Durango’s speech is still incoherent because he refuses to use words containing letters other than A through G. It is conjectured that he survived on snacks from the machines and the occasional Doritos remains from other students’ $2 meal deals. No one knows any other concrete details about his harrowing ordeal.
“It’s not unusual for me to not see him,” said Durango’s roommate, Sean Hurley.
“Ross is always in the music building, practicing or making out with his flute major girlfriend in the stairwells. So I figured I just kept missing him. But around day nine or ten, I told my RA. He helped me search the closet before he went back to playing Skyrim.”
Other students say they’re not surprised.

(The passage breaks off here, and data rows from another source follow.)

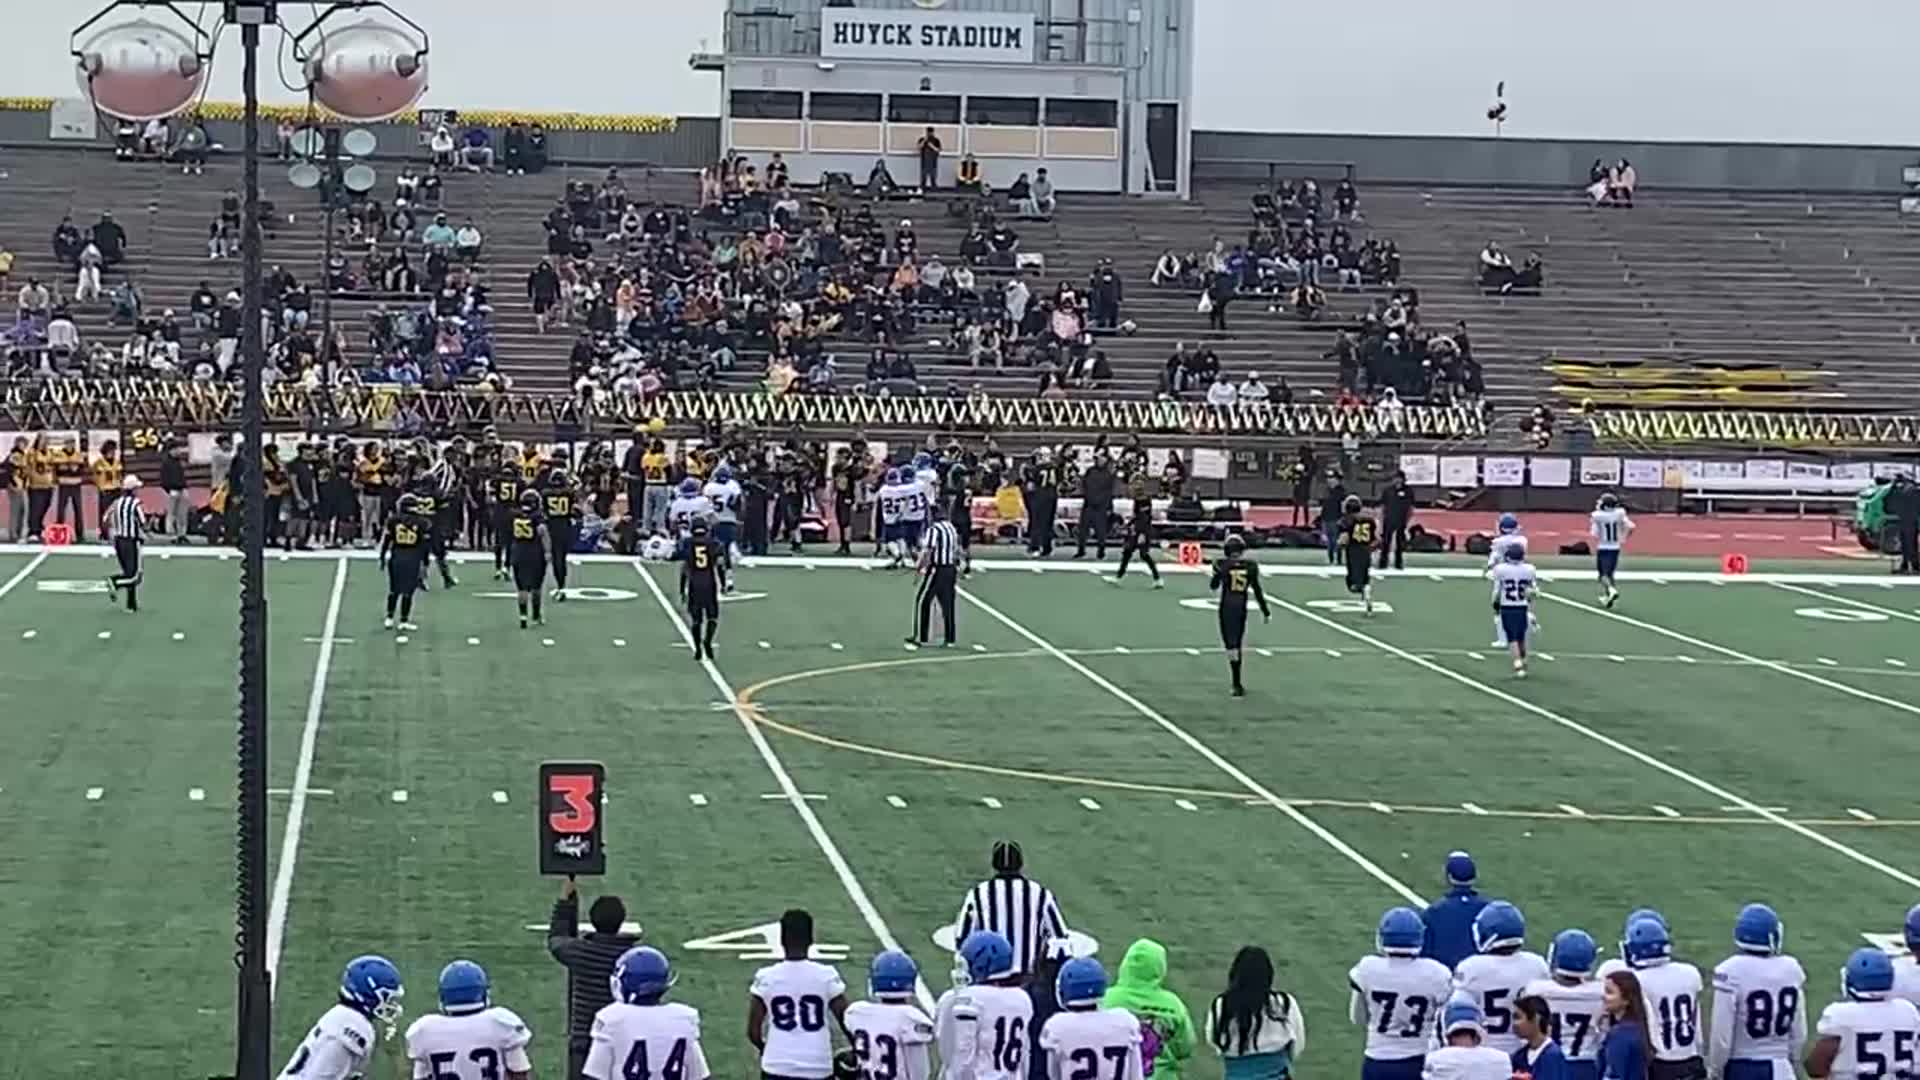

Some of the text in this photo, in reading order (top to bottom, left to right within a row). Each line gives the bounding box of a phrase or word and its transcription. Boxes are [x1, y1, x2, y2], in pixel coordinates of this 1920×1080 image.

[833, 22, 1022, 49] HUYCK STADIUM
[501, 483, 517, 500] 51
[547, 497, 569, 515] 50
[1352, 523, 1371, 542] 45
[1604, 521, 1618, 541] 11
[694, 546, 708, 569] 5
[1183, 545, 1200, 564] 50
[1727, 556, 1745, 574] 40
[1229, 569, 1248, 592] 15
[548, 775, 596, 833] 3
[1371, 990, 1429, 1038] 73
[1746, 986, 1798, 1038] 88
[992, 1015, 1025, 1072] 16
[1855, 1030, 1920, 1080] 55
[430, 1047, 499, 1080] 53
[622, 1038, 688, 1080] 44
[1070, 1046, 1129, 1080] 27
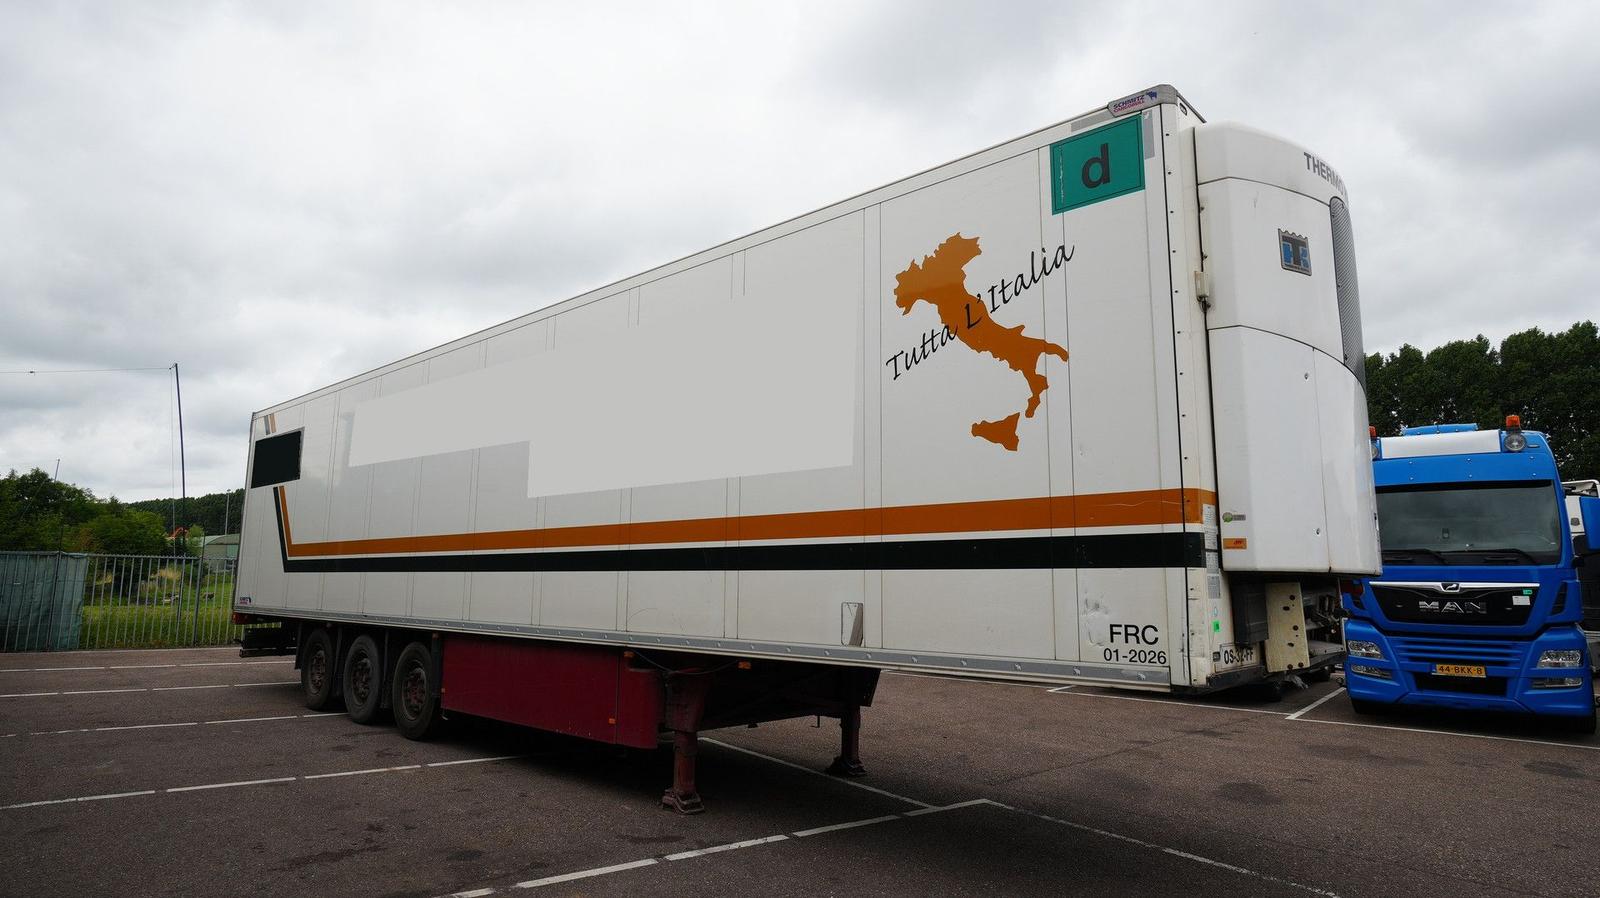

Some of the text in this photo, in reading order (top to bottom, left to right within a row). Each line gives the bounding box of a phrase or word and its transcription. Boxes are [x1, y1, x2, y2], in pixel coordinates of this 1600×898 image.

[1113, 94, 1145, 109] SCHMITZ
[1081, 143, 1111, 189] d
[885, 323, 959, 381] Tutta
[1418, 600, 1487, 614] MAN
[1109, 623, 1159, 645] FRC
[1103, 647, 1167, 665] 01-2026
[1438, 665, 1483, 675] 44-BKK-8

“This was bound to happen sometime or another,” said percussion major Ben Fillmore. “You go in that building, you start practicing, you lose track of whether it’s night or day. Your world is just black and white circles on a staff. It can be hellish.”
Only the music faculty seem unconcerned.
“He came to his lessons and played beautifully,” said Durango’s piano teacher, smiling serenely.

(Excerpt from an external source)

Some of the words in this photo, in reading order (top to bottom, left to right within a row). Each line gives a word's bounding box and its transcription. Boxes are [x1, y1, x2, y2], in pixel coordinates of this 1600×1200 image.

“I don’t quite see what the problem is; there’s really nothing else for him to be doing anyway.”
William Green, dean of the School of Music, issued a safety reminder to all music students in response to Durango’s apparent psychological breakdown.
“Students should stay hydrated and well-rested, as musicians are required to be in top physical condition,” it read.
“A change of scenery may be helpful; try a practice room on another floor. Students should also make time for the occasional stress relieving, fun activity, such as using the bathroom or looking out a window.”